晚期结直肠癌通常对5-氟尿嘧啶(5-FU)化疗耐药。这与耐药细胞群体的出现有关,可能是由于选择过程导致的。因此,鉴定分子标志物和改进替代疗法仍然很重要。我们使用一种大鼠结肠癌细胞系(PROb)作为实验模型,该细胞系表现出与人类情况相似的特征。用5-FU治疗携带PROb肿瘤的大鼠可提高其生存率,但不能治愈。通过体外连续暴露于5-FU获得了一个PROb 5-FU耐药亚系(PRObR1)。与亲代PROb细胞相比,对5-FU的耐药伴随着胸苷酸合成酶活性增加2倍,并且在存在5-FU的情况下胸苷掺入量显著更高。

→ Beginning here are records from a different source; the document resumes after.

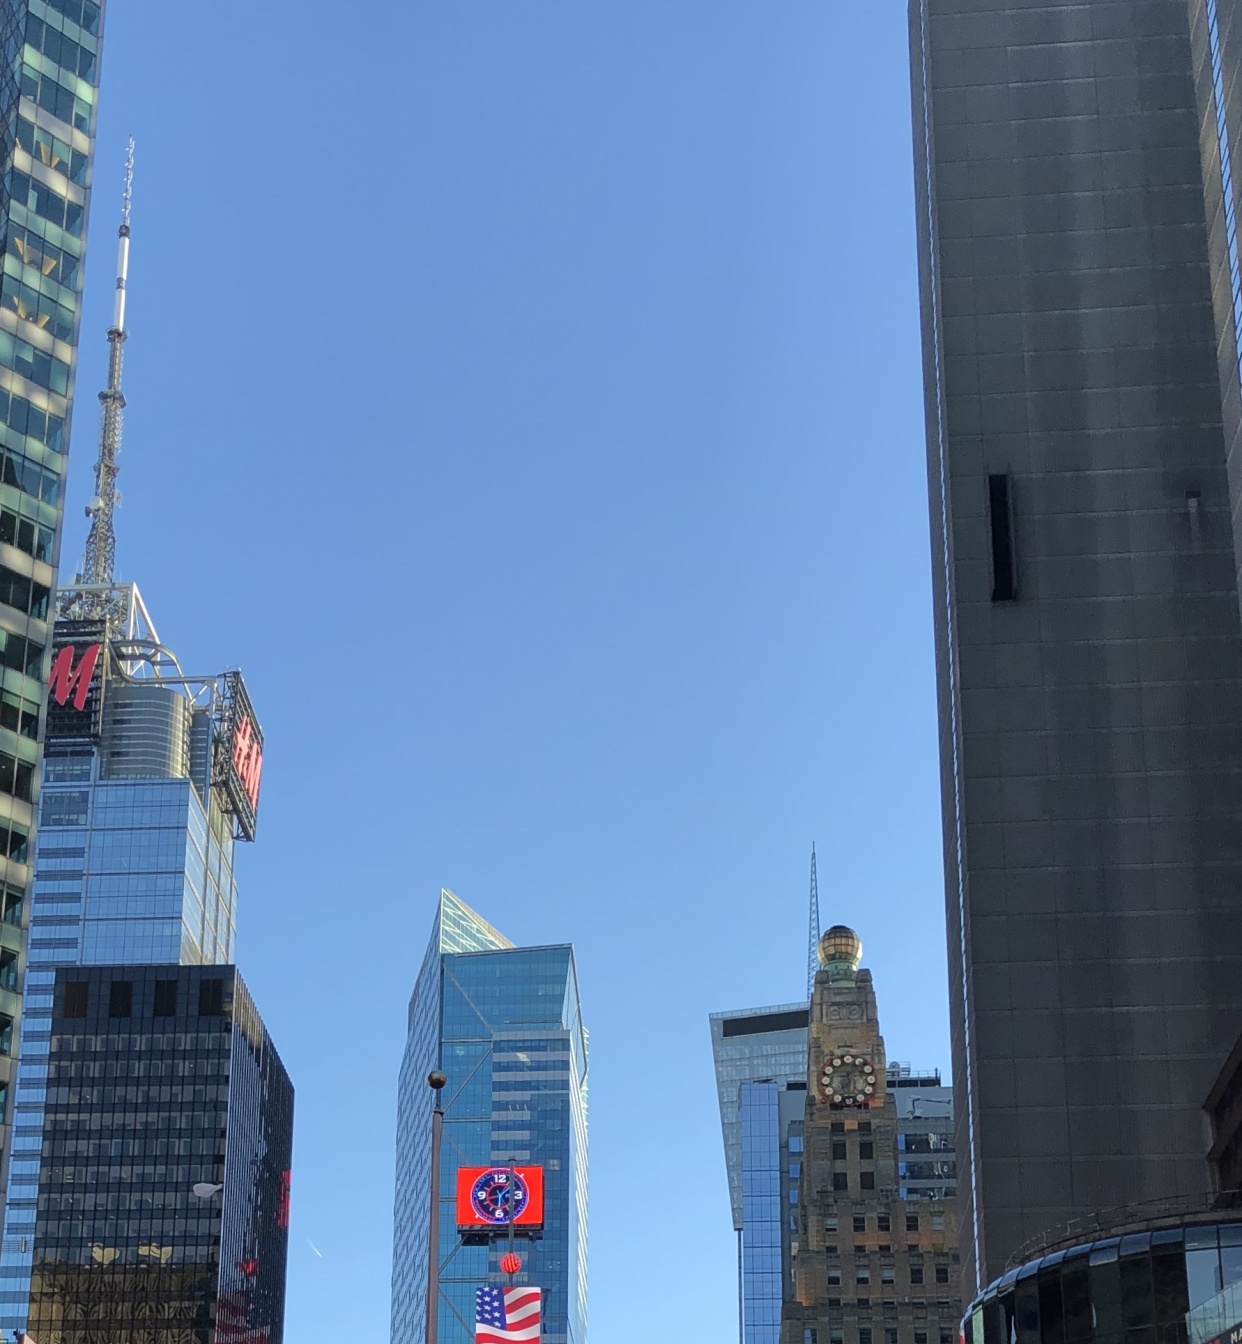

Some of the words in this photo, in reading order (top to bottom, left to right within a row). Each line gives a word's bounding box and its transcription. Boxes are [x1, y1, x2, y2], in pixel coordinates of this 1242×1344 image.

[494, 1175, 507, 1183] 12
[477, 1191, 486, 1200] 9
[514, 1191, 523, 1200] 3
[495, 1210, 504, 1218] 6
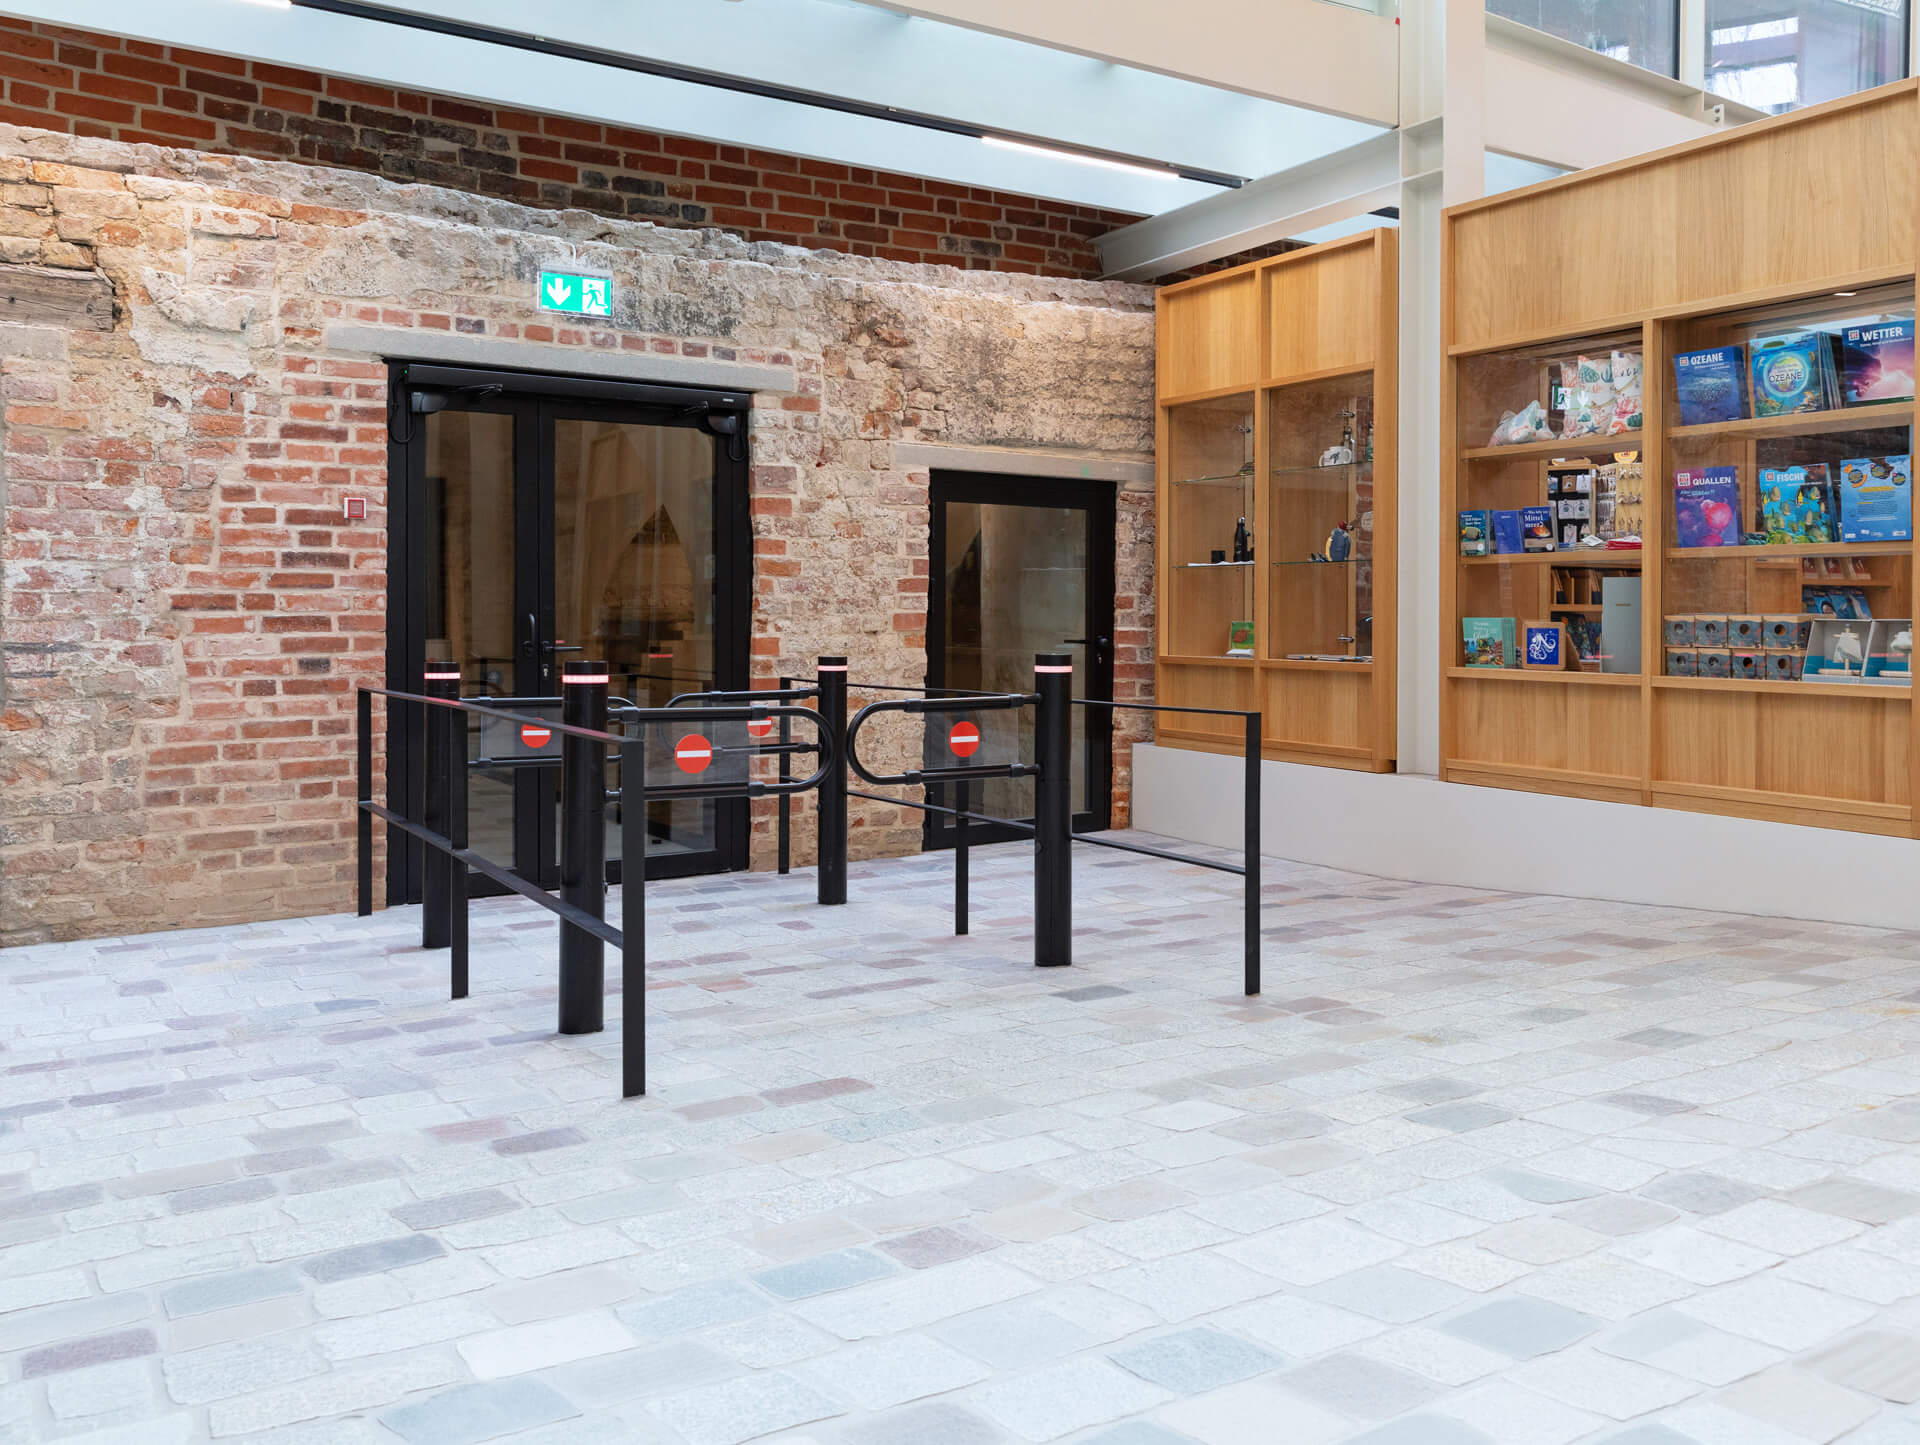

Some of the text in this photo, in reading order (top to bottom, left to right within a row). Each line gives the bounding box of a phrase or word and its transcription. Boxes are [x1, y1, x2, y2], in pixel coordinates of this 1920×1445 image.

[1862, 326, 1903, 341] WETTER
[1690, 352, 1724, 365] OZEANE
[1768, 370, 1803, 383] OZEANE
[1692, 476, 1732, 486] QUALLEN
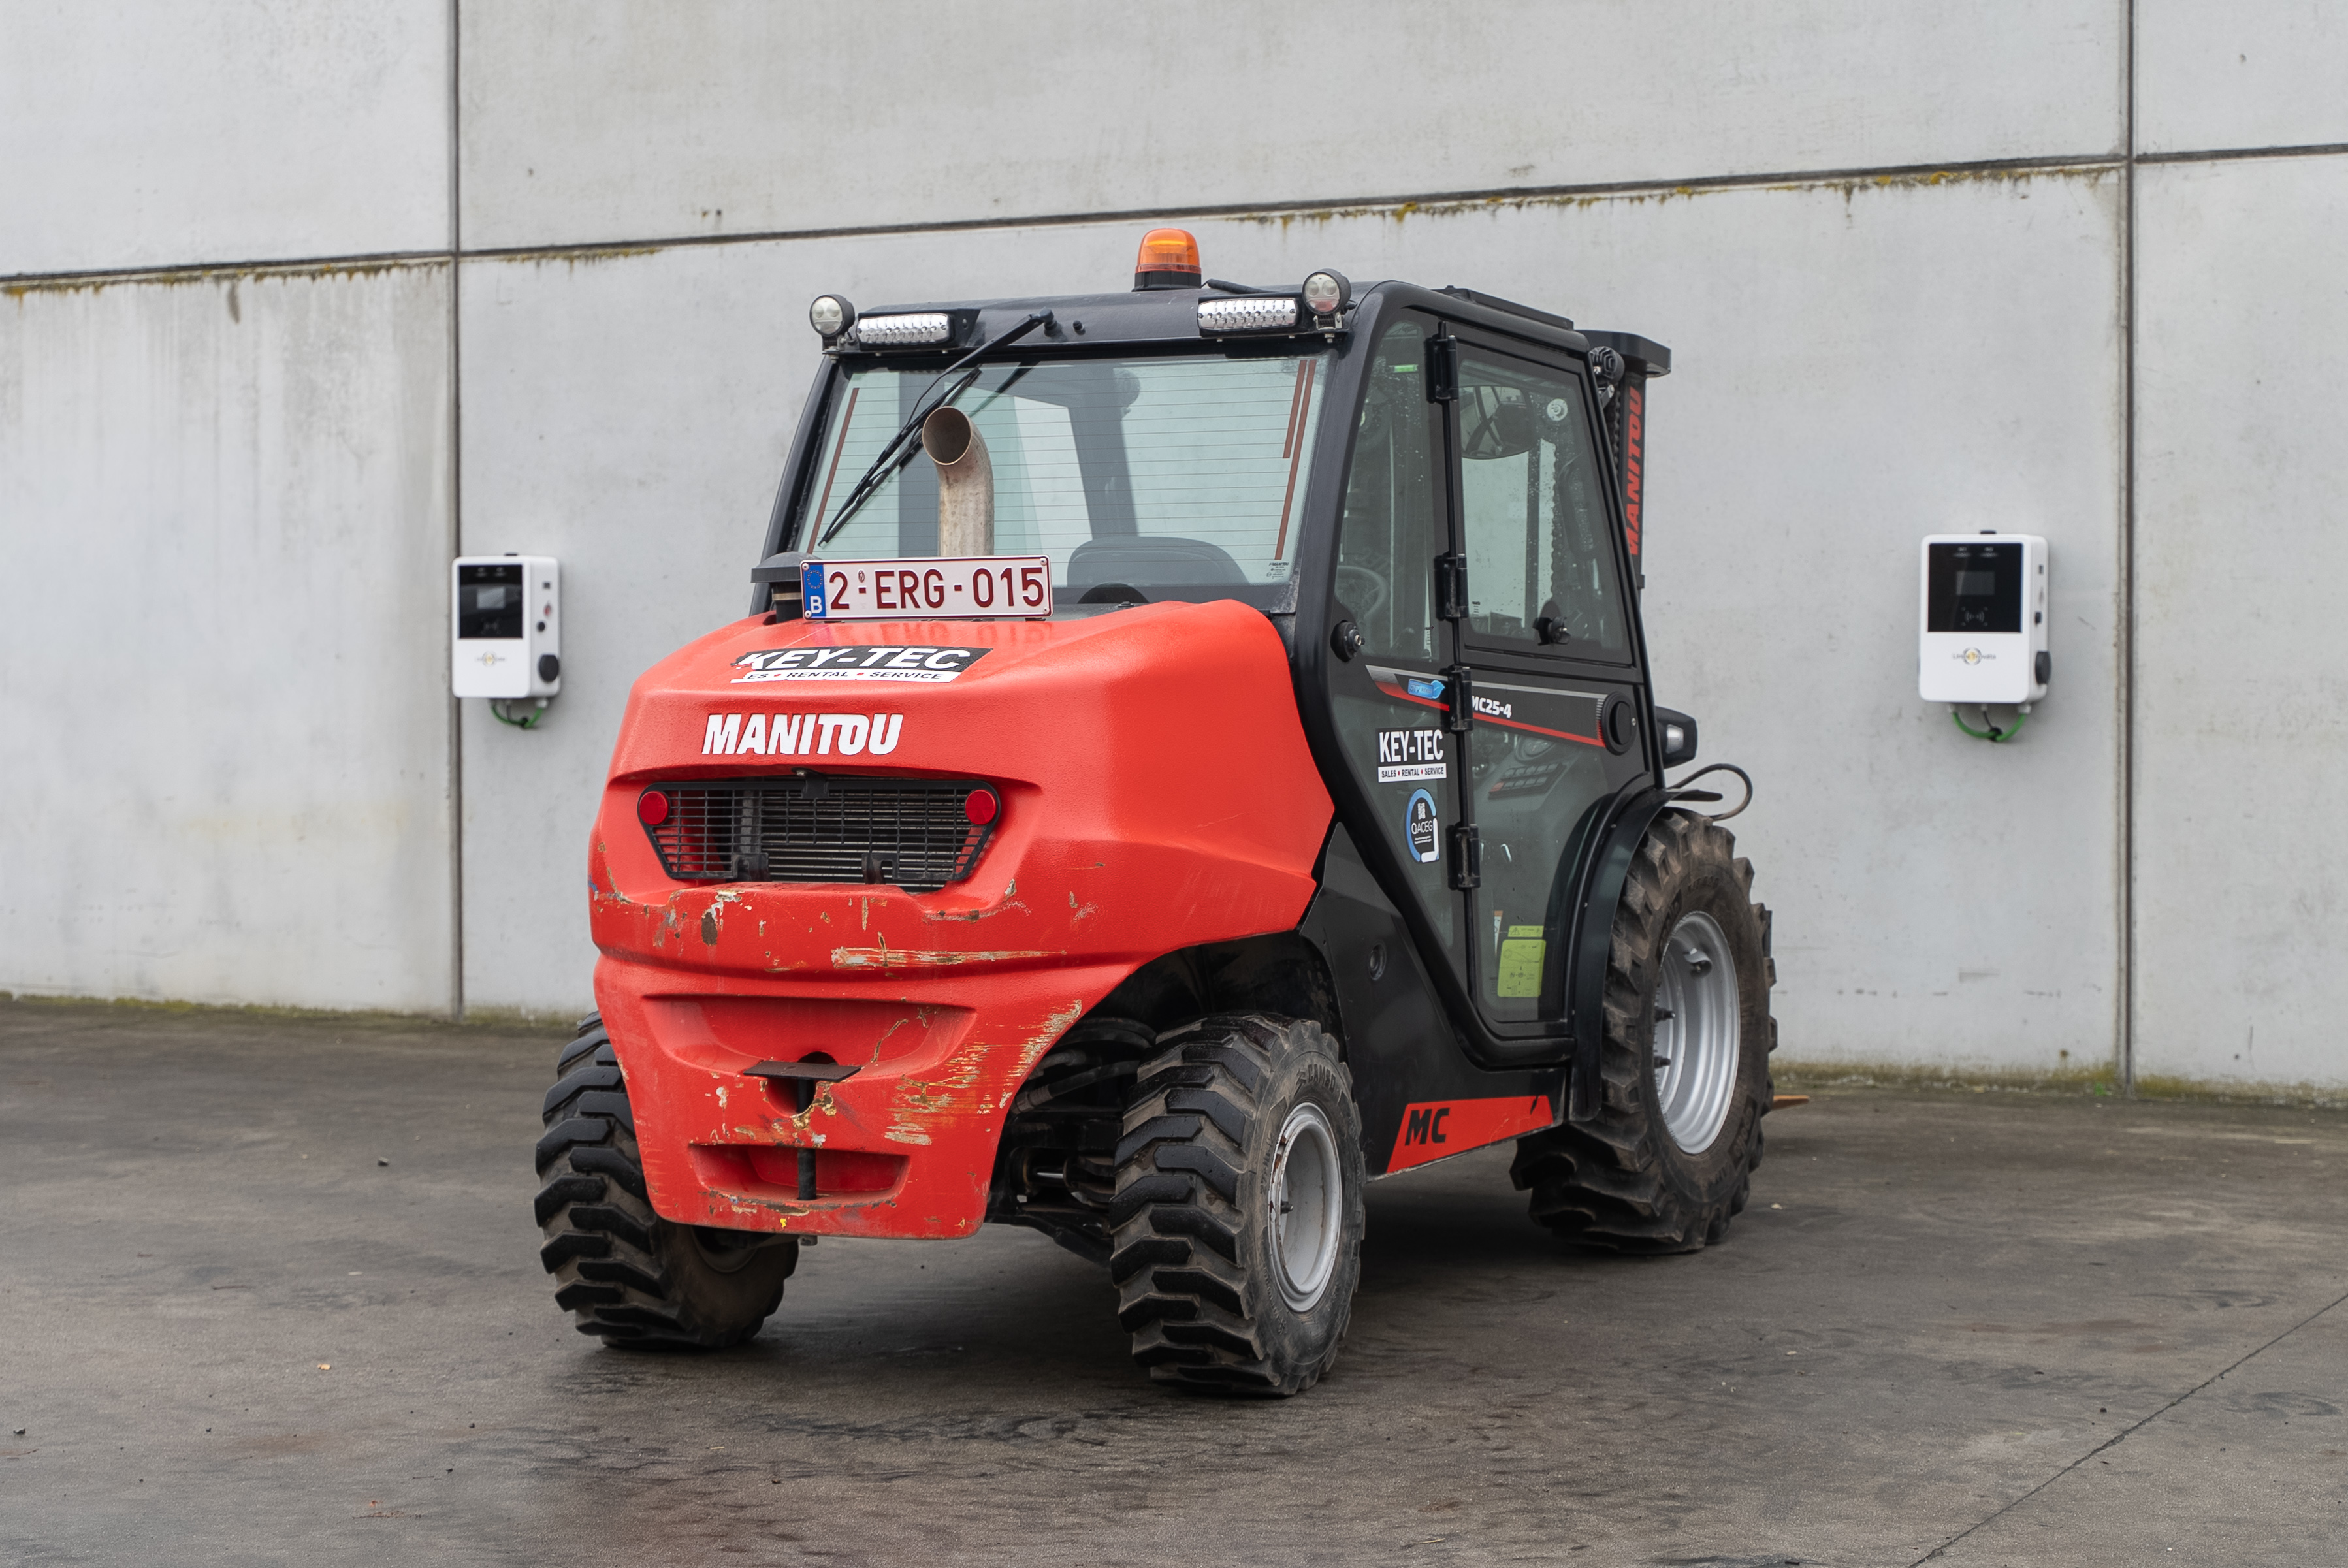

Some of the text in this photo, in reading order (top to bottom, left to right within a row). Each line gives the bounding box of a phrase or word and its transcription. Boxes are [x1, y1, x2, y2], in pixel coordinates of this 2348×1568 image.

出乎意料的是,在同基因大鼠中,与亲代PROb肿瘤相比,PRObR1肿瘤生长延迟。这归因于PRObR1细胞对宿主免疫反应的敏感性增加,因为在免疫受损的裸鼠中未观察到生长延迟,并且PROb和PRObR1细胞之间的增殖率没有可检测到的差异。5-FU治疗在延长携带PRObR1肿瘤大鼠的生存期方面无效。相比之下,一种将丁酸钠和重组白细胞介素-2(NaBut/rIL-2)联合的免疫治疗方案治愈了80%携带已建立PRObR1肿瘤的大鼠。我们的结果表明,NaBut/rIL-2治疗对5-FU化疗耐药的大鼠结肠癌有效。